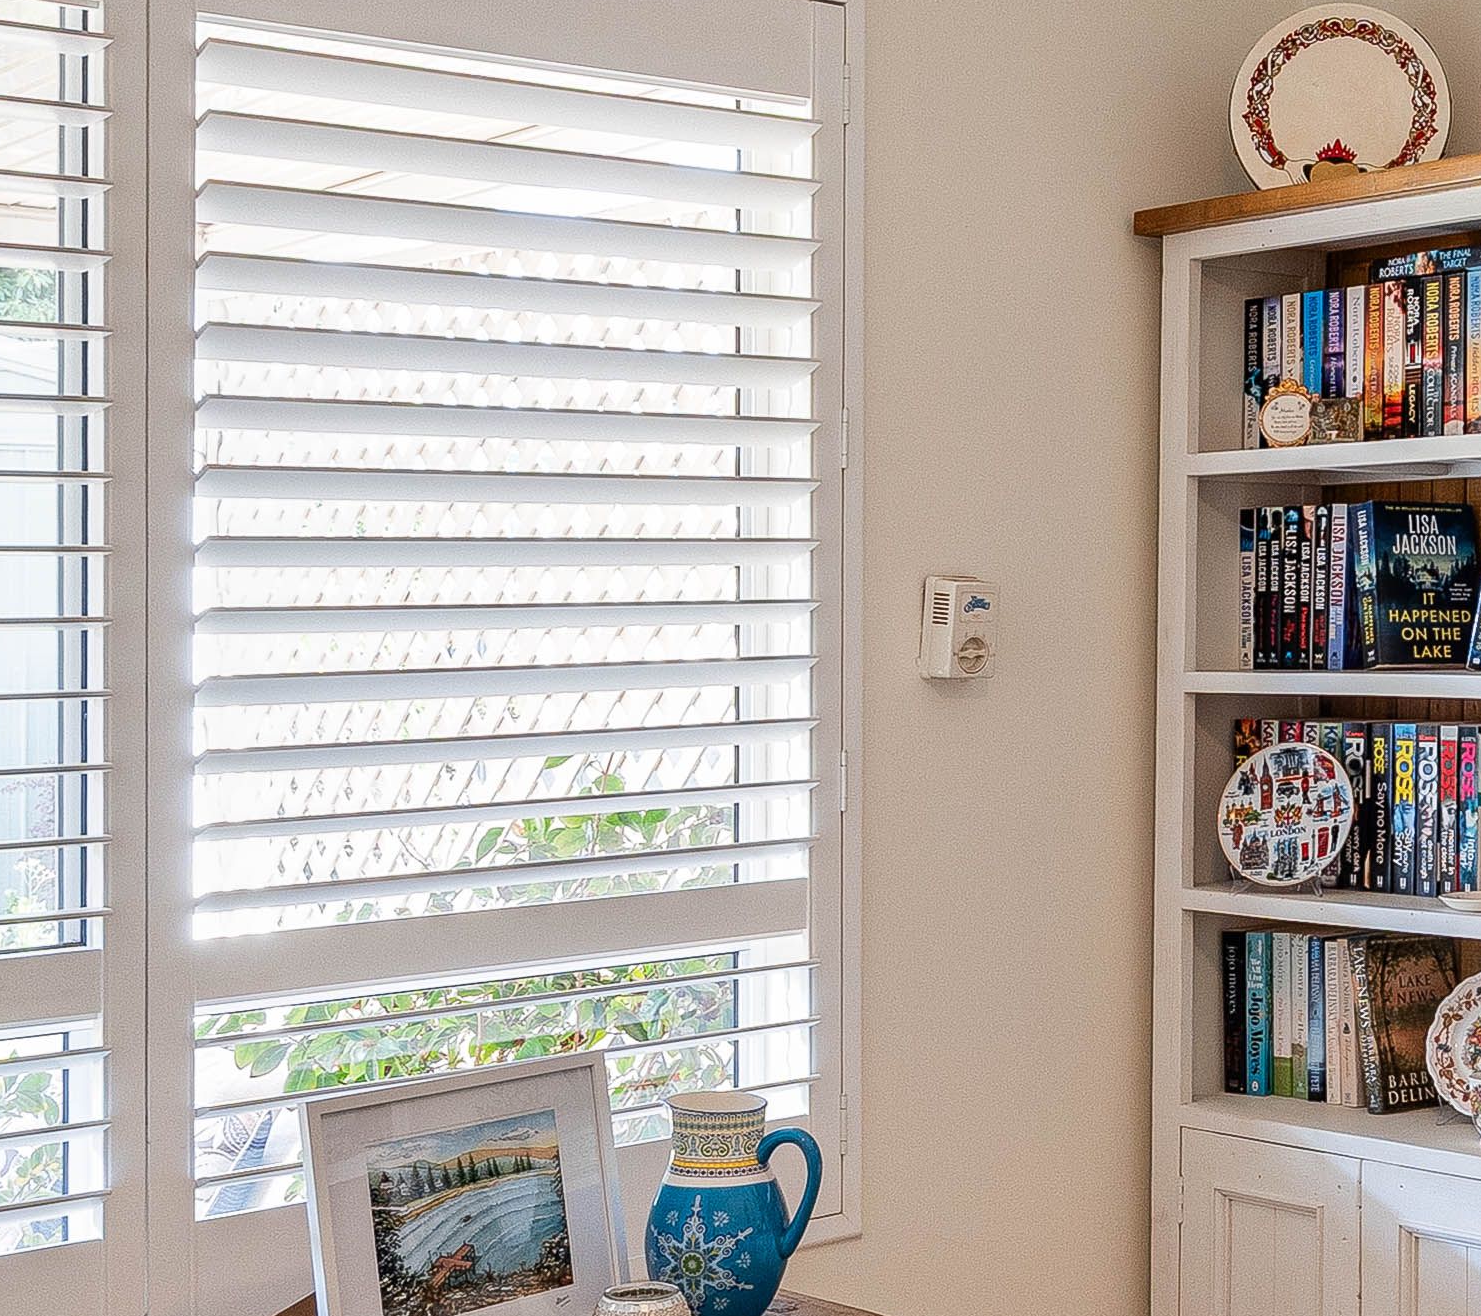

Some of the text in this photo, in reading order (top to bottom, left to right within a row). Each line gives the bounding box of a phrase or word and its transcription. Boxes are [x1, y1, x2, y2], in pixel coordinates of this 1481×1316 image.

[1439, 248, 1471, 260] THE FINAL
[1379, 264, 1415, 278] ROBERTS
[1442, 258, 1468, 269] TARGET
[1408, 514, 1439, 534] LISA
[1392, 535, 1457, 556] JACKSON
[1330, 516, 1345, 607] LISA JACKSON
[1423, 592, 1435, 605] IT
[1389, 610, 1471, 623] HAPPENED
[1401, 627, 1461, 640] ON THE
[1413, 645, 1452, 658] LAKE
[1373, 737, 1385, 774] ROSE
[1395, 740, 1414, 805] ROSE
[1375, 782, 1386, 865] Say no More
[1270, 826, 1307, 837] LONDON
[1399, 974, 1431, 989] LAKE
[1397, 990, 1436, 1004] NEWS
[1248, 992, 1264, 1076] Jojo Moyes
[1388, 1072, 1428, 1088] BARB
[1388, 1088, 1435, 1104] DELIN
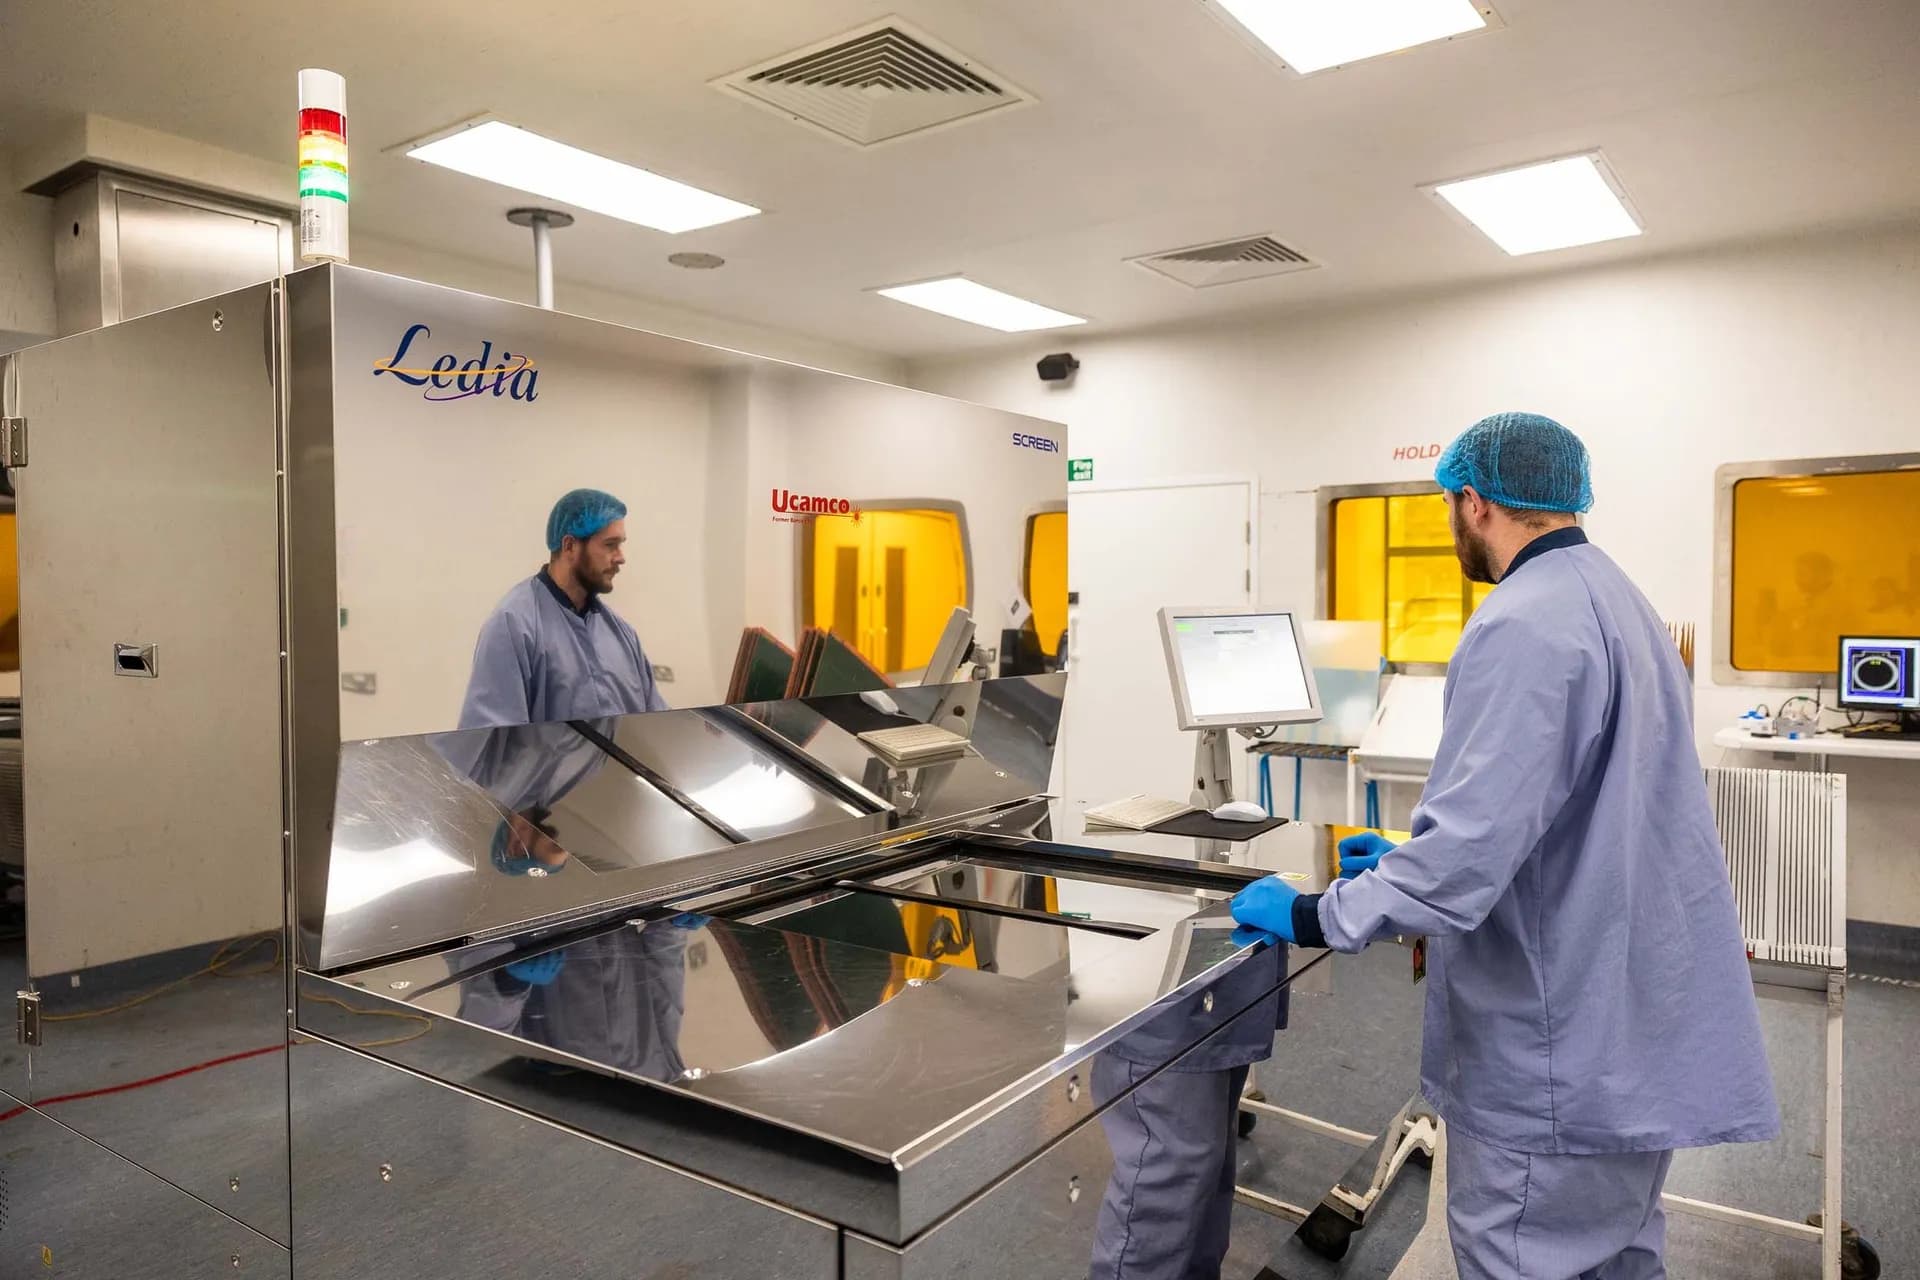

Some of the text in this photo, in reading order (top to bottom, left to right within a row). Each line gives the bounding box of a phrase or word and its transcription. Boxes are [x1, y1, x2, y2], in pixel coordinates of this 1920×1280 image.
◆ ◆ ◆
▶ WHAT IS EXPECTED:
Could you give all the records again, exactly, minus the pictures?

▶ TASK ANSWER:
Some of the text in this photo, in reading order (top to bottom, left to right within a row). Each line gives the bounding box of a phrase or word and its transcription. Boxes are [x1, y1, x2, y2], in pixel coordinates of this 1481×1316 image.

[1439, 248, 1471, 260] THE FINAL
[1379, 264, 1415, 278] ROBERTS
[1442, 258, 1468, 269] TARGET
[1408, 514, 1439, 534] LISA
[1392, 535, 1457, 556] JACKSON
[1330, 516, 1345, 607] LISA JACKSON
[1423, 592, 1435, 605] IT
[1389, 610, 1471, 623] HAPPENED
[1401, 627, 1461, 640] ON THE
[1413, 645, 1452, 658] LAKE
[1373, 737, 1385, 774] ROSE
[1395, 740, 1414, 805] ROSE
[1375, 782, 1386, 865] Say no More
[1270, 826, 1307, 837] LONDON
[1399, 974, 1431, 989] LAKE
[1397, 990, 1436, 1004] NEWS
[1248, 992, 1264, 1076] Jojo Moyes
[1388, 1072, 1428, 1088] BARB
[1388, 1088, 1435, 1104] DELIN

Some of the text in this photo, in reading order (top to bottom, left to right within a row). Each line gives the bounding box of a phrase or word and its transcription. Boxes are [x1, y1, x2, y2], in pixel coordinates of this 1920×1280 image.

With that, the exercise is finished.